*EXERCISE INSTRUCTIONS*: Repeat the data in full. No line may differ from the original.

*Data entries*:
---------------

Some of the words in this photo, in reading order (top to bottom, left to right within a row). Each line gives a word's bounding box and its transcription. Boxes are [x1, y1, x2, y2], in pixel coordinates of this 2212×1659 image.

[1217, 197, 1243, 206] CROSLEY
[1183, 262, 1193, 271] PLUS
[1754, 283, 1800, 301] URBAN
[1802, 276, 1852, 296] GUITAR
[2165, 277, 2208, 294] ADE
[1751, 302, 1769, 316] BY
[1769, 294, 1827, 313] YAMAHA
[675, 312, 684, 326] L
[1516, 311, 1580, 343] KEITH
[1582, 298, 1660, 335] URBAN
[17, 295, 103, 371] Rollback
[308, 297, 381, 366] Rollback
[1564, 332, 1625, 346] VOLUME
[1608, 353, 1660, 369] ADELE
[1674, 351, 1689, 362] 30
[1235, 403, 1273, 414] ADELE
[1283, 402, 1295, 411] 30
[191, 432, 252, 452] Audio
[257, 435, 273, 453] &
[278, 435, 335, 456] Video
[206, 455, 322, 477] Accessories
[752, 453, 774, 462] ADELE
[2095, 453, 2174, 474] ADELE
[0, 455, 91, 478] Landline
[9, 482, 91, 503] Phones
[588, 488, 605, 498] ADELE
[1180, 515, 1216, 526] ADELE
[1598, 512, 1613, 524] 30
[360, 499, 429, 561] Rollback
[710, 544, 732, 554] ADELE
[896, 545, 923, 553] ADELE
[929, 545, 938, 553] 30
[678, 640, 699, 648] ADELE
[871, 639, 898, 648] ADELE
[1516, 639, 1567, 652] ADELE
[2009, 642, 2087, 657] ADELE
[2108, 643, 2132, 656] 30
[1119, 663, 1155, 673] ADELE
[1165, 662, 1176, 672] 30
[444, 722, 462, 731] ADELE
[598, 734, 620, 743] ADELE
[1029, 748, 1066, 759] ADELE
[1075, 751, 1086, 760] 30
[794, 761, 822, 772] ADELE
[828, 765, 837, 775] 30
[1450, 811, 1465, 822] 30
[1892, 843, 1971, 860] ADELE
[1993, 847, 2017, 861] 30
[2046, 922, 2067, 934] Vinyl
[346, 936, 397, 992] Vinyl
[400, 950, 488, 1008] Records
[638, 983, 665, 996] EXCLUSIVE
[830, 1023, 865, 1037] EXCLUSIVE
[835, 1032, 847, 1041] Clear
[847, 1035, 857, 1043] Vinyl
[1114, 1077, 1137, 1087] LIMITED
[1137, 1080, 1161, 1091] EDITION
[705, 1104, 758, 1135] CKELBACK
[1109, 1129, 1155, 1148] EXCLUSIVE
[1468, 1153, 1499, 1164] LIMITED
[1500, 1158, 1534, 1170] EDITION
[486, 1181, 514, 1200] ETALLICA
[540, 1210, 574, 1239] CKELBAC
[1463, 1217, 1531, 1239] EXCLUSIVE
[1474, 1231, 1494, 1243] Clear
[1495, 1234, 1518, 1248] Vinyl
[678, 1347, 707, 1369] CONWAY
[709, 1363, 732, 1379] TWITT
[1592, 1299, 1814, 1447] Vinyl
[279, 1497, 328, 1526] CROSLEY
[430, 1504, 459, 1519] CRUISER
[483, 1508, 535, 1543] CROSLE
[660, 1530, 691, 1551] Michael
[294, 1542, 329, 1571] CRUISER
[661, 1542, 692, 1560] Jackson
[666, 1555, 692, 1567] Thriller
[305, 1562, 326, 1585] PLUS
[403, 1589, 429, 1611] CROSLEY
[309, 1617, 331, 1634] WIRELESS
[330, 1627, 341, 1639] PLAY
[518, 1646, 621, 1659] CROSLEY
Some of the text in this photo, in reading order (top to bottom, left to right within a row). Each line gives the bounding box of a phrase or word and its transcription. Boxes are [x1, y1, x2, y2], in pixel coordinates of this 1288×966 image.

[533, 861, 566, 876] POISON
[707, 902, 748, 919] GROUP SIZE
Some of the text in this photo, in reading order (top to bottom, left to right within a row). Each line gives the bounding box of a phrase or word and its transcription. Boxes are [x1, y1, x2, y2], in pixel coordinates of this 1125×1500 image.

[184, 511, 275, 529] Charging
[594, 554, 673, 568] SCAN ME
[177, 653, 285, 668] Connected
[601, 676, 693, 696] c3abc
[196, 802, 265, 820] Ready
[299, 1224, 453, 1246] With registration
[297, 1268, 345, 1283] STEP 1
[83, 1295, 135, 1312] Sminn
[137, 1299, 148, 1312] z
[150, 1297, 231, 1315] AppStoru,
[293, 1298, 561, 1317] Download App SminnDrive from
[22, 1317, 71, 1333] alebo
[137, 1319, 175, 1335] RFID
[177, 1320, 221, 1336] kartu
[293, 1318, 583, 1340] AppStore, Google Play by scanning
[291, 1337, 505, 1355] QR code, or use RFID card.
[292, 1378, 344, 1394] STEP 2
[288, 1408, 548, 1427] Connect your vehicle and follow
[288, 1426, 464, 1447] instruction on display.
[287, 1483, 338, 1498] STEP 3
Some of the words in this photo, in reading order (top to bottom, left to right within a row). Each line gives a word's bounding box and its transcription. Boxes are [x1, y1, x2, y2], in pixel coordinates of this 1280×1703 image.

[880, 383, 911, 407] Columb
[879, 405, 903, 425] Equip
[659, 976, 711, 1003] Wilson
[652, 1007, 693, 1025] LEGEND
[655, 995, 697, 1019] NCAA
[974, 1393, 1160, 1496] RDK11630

---------------

*ANSWER SPACE*:
Some of the words in this photo, in reading order (top to bottom, left to right within a row). Each line gives a word's bounding box and its transcription. Boxes are [x1, y1, x2, y2], in pixel coordinates of this 2212×1659 image.

[1217, 197, 1243, 206] CROSLEY
[1183, 262, 1193, 271] PLUS
[1754, 283, 1800, 301] URBAN
[1802, 276, 1852, 296] GUITAR
[2165, 277, 2208, 294] ADE
[1751, 302, 1769, 316] BY
[1769, 294, 1827, 313] YAMAHA
[675, 312, 684, 326] L
[1516, 311, 1580, 343] KEITH
[1582, 298, 1660, 335] URBAN
[17, 295, 103, 371] Rollback
[308, 297, 381, 366] Rollback
[1564, 332, 1625, 346] VOLUME
[1608, 353, 1660, 369] ADELE
[1674, 351, 1689, 362] 30
[1235, 403, 1273, 414] ADELE
[1283, 402, 1295, 411] 30
[191, 432, 252, 452] Audio
[257, 435, 273, 453] &
[278, 435, 335, 456] Video
[206, 455, 322, 477] Accessories
[752, 453, 774, 462] ADELE
[2095, 453, 2174, 474] ADELE
[0, 455, 91, 478] Landline
[9, 482, 91, 503] Phones
[588, 488, 605, 498] ADELE
[1180, 515, 1216, 526] ADELE
[1598, 512, 1613, 524] 30
[360, 499, 429, 561] Rollback
[710, 544, 732, 554] ADELE
[896, 545, 923, 553] ADELE
[929, 545, 938, 553] 30
[678, 640, 699, 648] ADELE
[871, 639, 898, 648] ADELE
[1516, 639, 1567, 652] ADELE
[2009, 642, 2087, 657] ADELE
[2108, 643, 2132, 656] 30
[1119, 663, 1155, 673] ADELE
[1165, 662, 1176, 672] 30
[444, 722, 462, 731] ADELE
[598, 734, 620, 743] ADELE
[1029, 748, 1066, 759] ADELE
[1075, 751, 1086, 760] 30
[794, 761, 822, 772] ADELE
[828, 765, 837, 775] 30
[1450, 811, 1465, 822] 30
[1892, 843, 1971, 860] ADELE
[1993, 847, 2017, 861] 30
[2046, 922, 2067, 934] Vinyl
[346, 936, 397, 992] Vinyl
[400, 950, 488, 1008] Records
[638, 983, 665, 996] EXCLUSIVE
[830, 1023, 865, 1037] EXCLUSIVE
[835, 1032, 847, 1041] Clear
[847, 1035, 857, 1043] Vinyl
[1114, 1077, 1137, 1087] LIMITED
[1137, 1080, 1161, 1091] EDITION
[705, 1104, 758, 1135] CKELBACK
[1109, 1129, 1155, 1148] EXCLUSIVE
[1468, 1153, 1499, 1164] LIMITED
[1500, 1158, 1534, 1170] EDITION
[486, 1181, 514, 1200] ETALLICA
[540, 1210, 574, 1239] CKELBAC
[1463, 1217, 1531, 1239] EXCLUSIVE
[1474, 1231, 1494, 1243] Clear
[1495, 1234, 1518, 1248] Vinyl
[678, 1347, 707, 1369] CONWAY
[709, 1363, 732, 1379] TWITT
[1592, 1299, 1814, 1447] Vinyl
[279, 1497, 328, 1526] CROSLEY
[430, 1504, 459, 1519] CRUISER
[483, 1508, 535, 1543] CROSLE
[660, 1530, 691, 1551] Michael
[294, 1542, 329, 1571] CRUISER
[661, 1542, 692, 1560] Jackson
[666, 1555, 692, 1567] Thriller
[305, 1562, 326, 1585] PLUS
[403, 1589, 429, 1611] CROSLEY
[309, 1617, 331, 1634] WIRELESS
[330, 1627, 341, 1639] PLAY
[518, 1646, 621, 1659] CROSLEY
Some of the text in this photo, in reading order (top to bottom, left to right within a row). Each line gives the bounding box of a phrase or word and its transcription. Boxes are [x1, y1, x2, y2], in pixel coordinates of this 1288×966 image.

[533, 861, 566, 876] POISON
[707, 902, 748, 919] GROUP SIZE
Some of the text in this photo, in reading order (top to bottom, left to right within a row). Each line gives the bounding box of a phrase or word and its transcription. Boxes are [x1, y1, x2, y2], in pixel coordinates of this 1125×1500 image.

[184, 511, 275, 529] Charging
[594, 554, 673, 568] SCAN ME
[177, 653, 285, 668] Connected
[601, 676, 693, 696] c3abc
[196, 802, 265, 820] Ready
[299, 1224, 453, 1246] With registration
[297, 1268, 345, 1283] STEP 1
[83, 1295, 135, 1312] Sminn
[137, 1299, 148, 1312] z
[150, 1297, 231, 1315] AppStoru,
[293, 1298, 561, 1317] Download App SminnDrive from
[22, 1317, 71, 1333] alebo
[137, 1319, 175, 1335] RFID
[177, 1320, 221, 1336] kartu
[293, 1318, 583, 1340] AppStore, Google Play by scanning
[291, 1337, 505, 1355] QR code, or use RFID card.
[292, 1378, 344, 1394] STEP 2
[288, 1408, 548, 1427] Connect your vehicle and follow
[288, 1426, 464, 1447] instruction on display.
[287, 1483, 338, 1498] STEP 3
Some of the words in this photo, in reading order (top to bottom, left to right within a row). Each line gives a word's bounding box and its transcription. Boxes are [x1, y1, x2, y2], in pixel coordinates of this 1280×1703 image.

[880, 383, 911, 407] Columb
[879, 405, 903, 425] Equip
[659, 976, 711, 1003] Wilson
[652, 1007, 693, 1025] LEGEND
[655, 995, 697, 1019] NCAA
[974, 1393, 1160, 1496] RDK11630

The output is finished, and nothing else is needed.